Source: citylab.com
Published: February 24, 2015
Stephen Mallon/Front Room Gallery
A photographer spent years watching heavy machinery hurl MTA cars into the Atlantic.
Few people can say they’ve journeyed far offshore to watch an excavator sling 18-ton subway cars into the briny deep. Stephen Mallon‘s been there seen that, though, and his photographic proof is as crazy as you’d imagine.
Mallon’s adventures on the high seas began one day in 2007, when he noticed a barge stacked with train cars in Bayonne, New Jersey. After chatting with a security guard, he learned it was part of an ambitious MTA endeavor to recycle its decommissioned fleet into artificial reefs.
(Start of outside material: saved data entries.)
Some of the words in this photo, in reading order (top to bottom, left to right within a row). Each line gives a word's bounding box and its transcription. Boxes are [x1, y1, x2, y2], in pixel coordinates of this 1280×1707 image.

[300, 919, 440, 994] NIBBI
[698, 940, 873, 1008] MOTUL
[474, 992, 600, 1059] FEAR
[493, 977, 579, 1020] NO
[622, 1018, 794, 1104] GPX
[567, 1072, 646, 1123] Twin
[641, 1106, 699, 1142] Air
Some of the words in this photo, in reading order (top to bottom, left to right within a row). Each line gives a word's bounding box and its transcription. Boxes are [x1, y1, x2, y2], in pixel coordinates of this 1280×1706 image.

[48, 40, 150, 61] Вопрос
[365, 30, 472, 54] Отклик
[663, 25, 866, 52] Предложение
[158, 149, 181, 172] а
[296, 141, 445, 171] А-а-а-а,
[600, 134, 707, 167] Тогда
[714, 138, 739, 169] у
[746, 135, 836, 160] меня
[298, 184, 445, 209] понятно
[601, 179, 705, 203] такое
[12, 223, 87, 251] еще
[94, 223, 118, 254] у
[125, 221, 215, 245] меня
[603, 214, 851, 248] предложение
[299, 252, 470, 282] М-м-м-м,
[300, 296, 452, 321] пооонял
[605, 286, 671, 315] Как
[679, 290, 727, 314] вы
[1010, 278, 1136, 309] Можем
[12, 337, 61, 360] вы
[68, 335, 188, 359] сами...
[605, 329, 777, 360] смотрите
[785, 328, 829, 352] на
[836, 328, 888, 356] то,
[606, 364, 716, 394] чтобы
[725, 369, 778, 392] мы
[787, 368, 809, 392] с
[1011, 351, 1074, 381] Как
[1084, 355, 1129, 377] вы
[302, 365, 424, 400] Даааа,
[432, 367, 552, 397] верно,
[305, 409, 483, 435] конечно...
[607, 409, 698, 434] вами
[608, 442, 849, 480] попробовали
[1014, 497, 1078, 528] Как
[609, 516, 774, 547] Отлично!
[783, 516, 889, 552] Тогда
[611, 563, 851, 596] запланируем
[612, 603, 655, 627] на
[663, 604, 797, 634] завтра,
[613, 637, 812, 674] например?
The agency was stripping the cars—removing motors, wheels, hydraulics, seats, windows, light fixtures, and Freon from the A/C systems—and dumping them overboard so far into the ocean you couldn’t see land. The rusty conveyances initially served as shelter for invertebrates and migrating fish. As time passed they attracted scads more marine life, including sharks, economically important game fish, and at least one curious sea turtle.
“They did it for 10 years,” says Mallon, who’s 42 and lives in Brooklyn. “They put more than 2,500 subway cars into the Atlantic.”
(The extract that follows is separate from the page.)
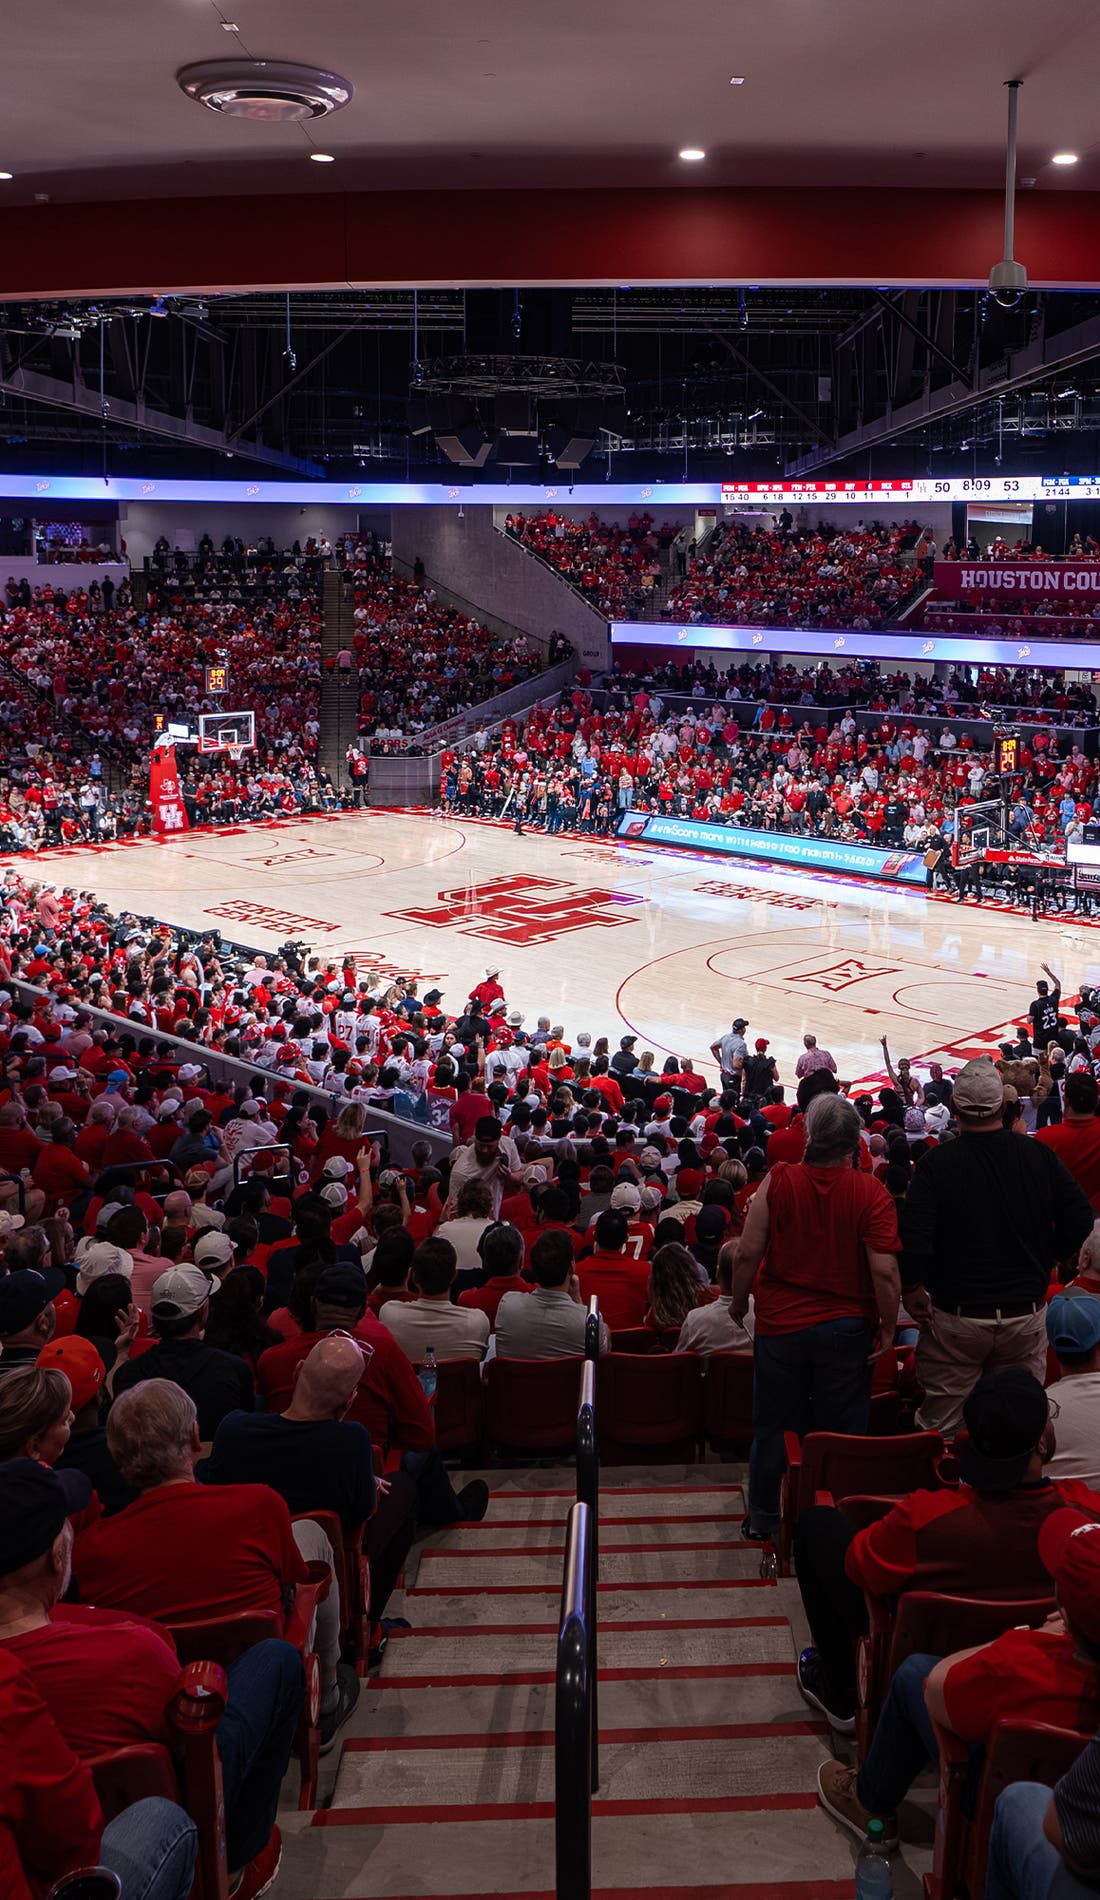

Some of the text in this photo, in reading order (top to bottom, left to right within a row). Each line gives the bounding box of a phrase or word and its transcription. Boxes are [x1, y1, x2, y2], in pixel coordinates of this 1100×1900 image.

The New York Times provides background on the undertaking:
“A decade ago, in a moment of inspiration, the Metropolitan Transportation Authority stumbled on a way to help the environment and its own bottom line: donating retired subway trains to the little-known cause of creating artificial reefs….
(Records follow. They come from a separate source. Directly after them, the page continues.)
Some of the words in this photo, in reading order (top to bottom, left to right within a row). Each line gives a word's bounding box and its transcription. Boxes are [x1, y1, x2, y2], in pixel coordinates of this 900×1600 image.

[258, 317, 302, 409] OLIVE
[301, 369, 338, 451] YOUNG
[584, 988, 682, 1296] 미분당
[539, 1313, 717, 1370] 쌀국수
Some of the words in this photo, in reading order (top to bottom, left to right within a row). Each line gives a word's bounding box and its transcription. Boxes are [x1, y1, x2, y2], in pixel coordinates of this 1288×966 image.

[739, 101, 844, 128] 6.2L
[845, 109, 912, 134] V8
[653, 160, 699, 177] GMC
Sinking the subway cars cost about half as much as selling them for scrap, and the agency could avoid the expensive process of removing asbestos from the cars’ floors and walls. While some states initially rejected the cars, fearing contamination from asbestos, a report from the Environmental Protection Agency found the materials posed little risk to creatures in the water.”
After seeing the New Jersey barge, Mallon talked with the contractor handling the project and soon found himself waking up at the buttcrack of dawn to head out to sea. For the next several years, he documented the seeding of the ocean with ancient commuter hulks in Maryland, Delaware, Virginia, and South Carolina. He even accompanied the reefing crew during its last excursion in 2010 (the MTA ended the program because newer cars have more plastic and are costly to strip).
To his credit, Mallon only barfed once. “There’s one image where you see the barge getting hit by a wave higher than it and the subway cars on top,” he says. “That’s the one time I lost my breakfast. But I was told the people on the boat, experienced crewmen, they lost their breakfasts too, so I wasn’t exactly an amateur.”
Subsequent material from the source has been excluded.